Coluna: Bronzeadas, mas também decepcionadas



Com um dia de atraso para esperar o último dia do Mundial, a Coluna Saque está no ar.

O bronze certamente não era a medalha que o Brasil foi buscar na Itália. Voltar com ela na bagagem acaba sendo um prêmio de consolação amargo para quem tinha tudo para conquistar o inédito e tão aguardado título mundial.

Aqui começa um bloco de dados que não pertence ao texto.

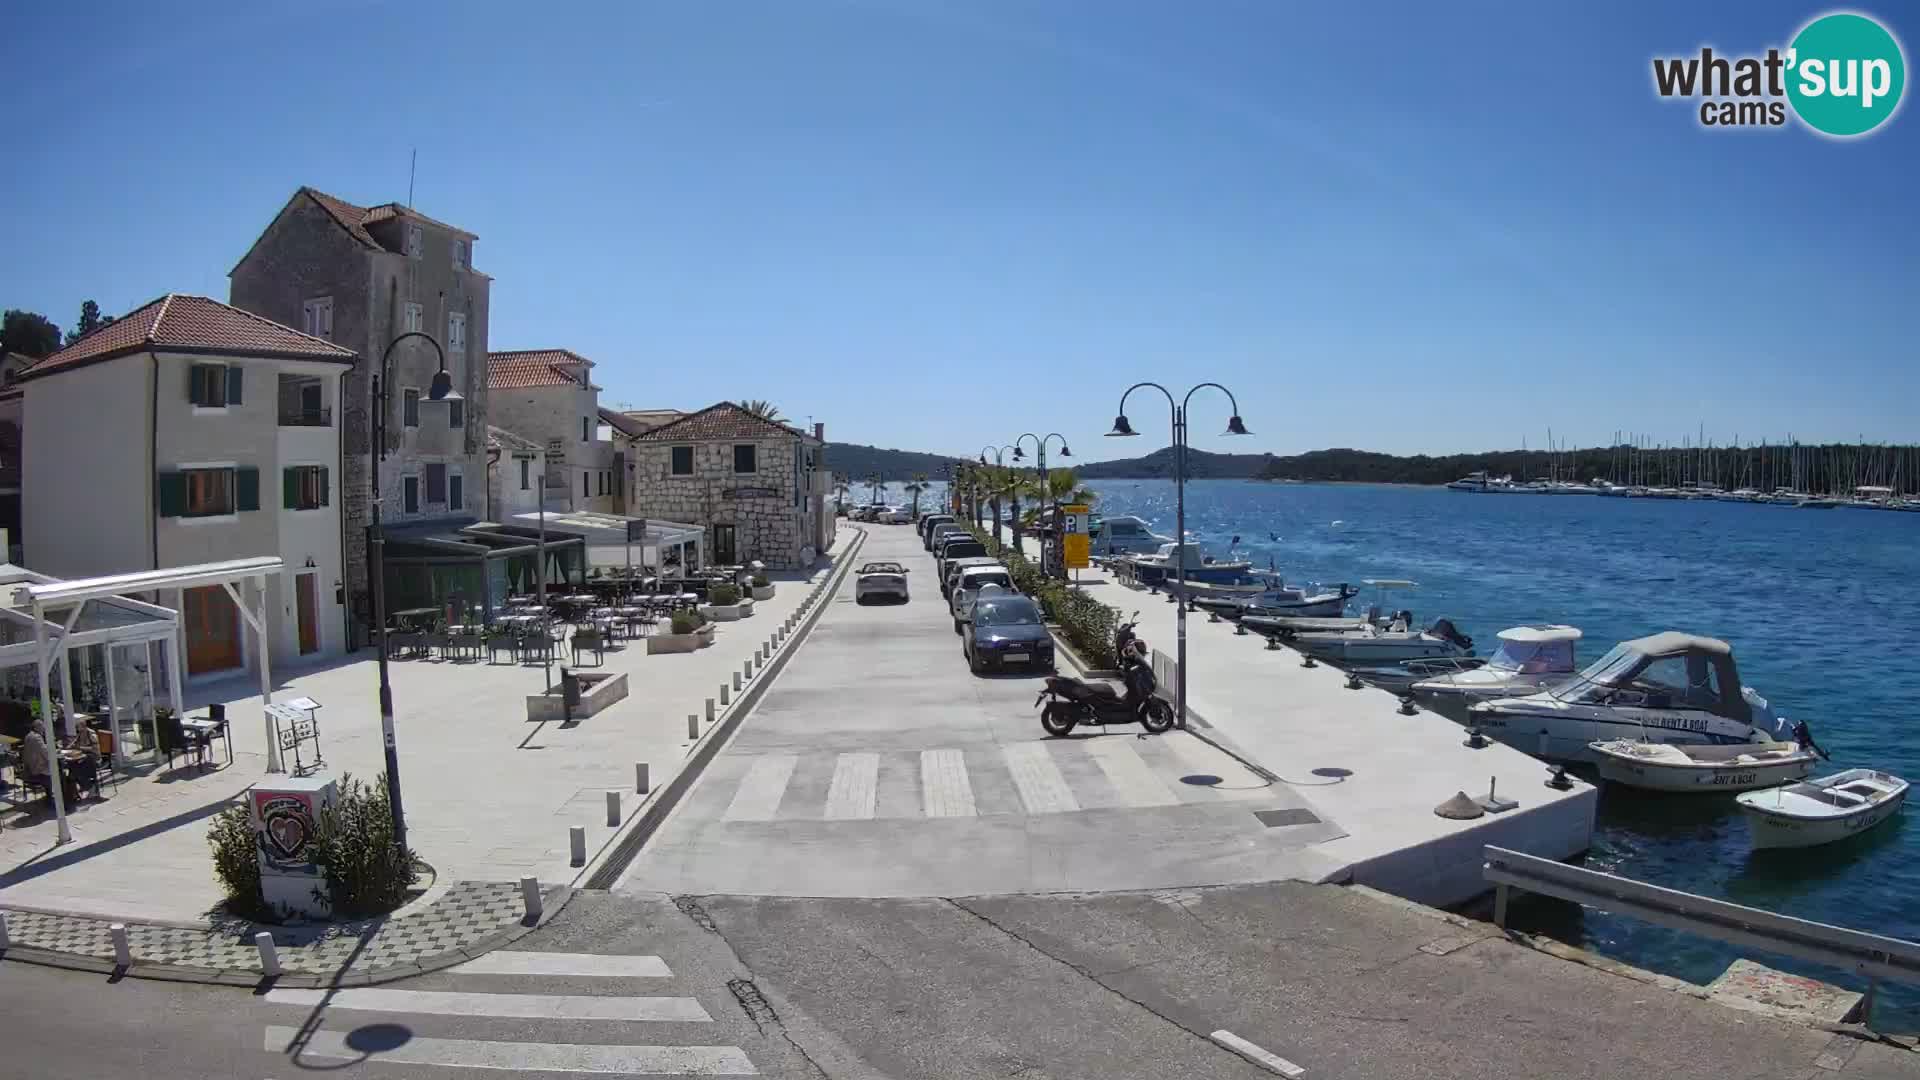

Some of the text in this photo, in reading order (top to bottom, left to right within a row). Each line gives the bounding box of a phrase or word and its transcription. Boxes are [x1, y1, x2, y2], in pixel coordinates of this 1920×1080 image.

[1661, 718, 1681, 729] RENT
[1690, 719, 1708, 732] BOAT
[1738, 773, 1757, 785] BOAT

O choro de algumas jogadoras, ainda em quadra, em Milão, me deu exatamente essa sensação de que o terceiro lugar foi pouco, muito pouco para quem estava em viés de alta, como gosta de dizer um grande amigo aqui no LANCE!. A invencibilidade de 11 jogos até a semifinal de sábado, ter vencido o Grand Prix com autoridade (inclusive com triunfo sobre a mesma seleção americana), ser o atual bicampeão olímpico e não ter mais a algoz Rússia pelo caminho são fatores, na minha cabeça, que faziam o time brasileiro sentir o ouro cada vez mais próximo. A tal conjuntura ideal que se transformou em pesadelo no sábado, após o categórico 3 a 0 aplicado pelos Estados Unidos. E fez com que o terceiro lugar fosse apenas uma obrigação.

Vejo essa “insatisfação” com o bronze como boa notícia. Times acostumados com as vitórias e com os títulos não devem aceitar menos do que o primeiro lugar. E isso não quer dizer menosprezo. Ainda mais quando essas equipes vitoriosas sabem que têm potencial e não veem na concorrência um adversário que esteja um patamar acima.

O Brasil deixa a Itália com uma dolorosa constatação para a segunda metade deste ciclo olímpico: não é invencível, apesar de ter um histórico recente muito mais vencedor do que os principais rivais. Além disso, nem sempre os regulamentos permitem reviravoltas, como esse mesmo time fez nas finais do Grand Prix, ao perder para a Turquia na fase final. Situação que EUA e China, quase eliminadas na 3 fase, viveram na Itália até se transformarem em finalistas.

Para o trio olímpico, EM CASA, a lição precisa ser aprendida.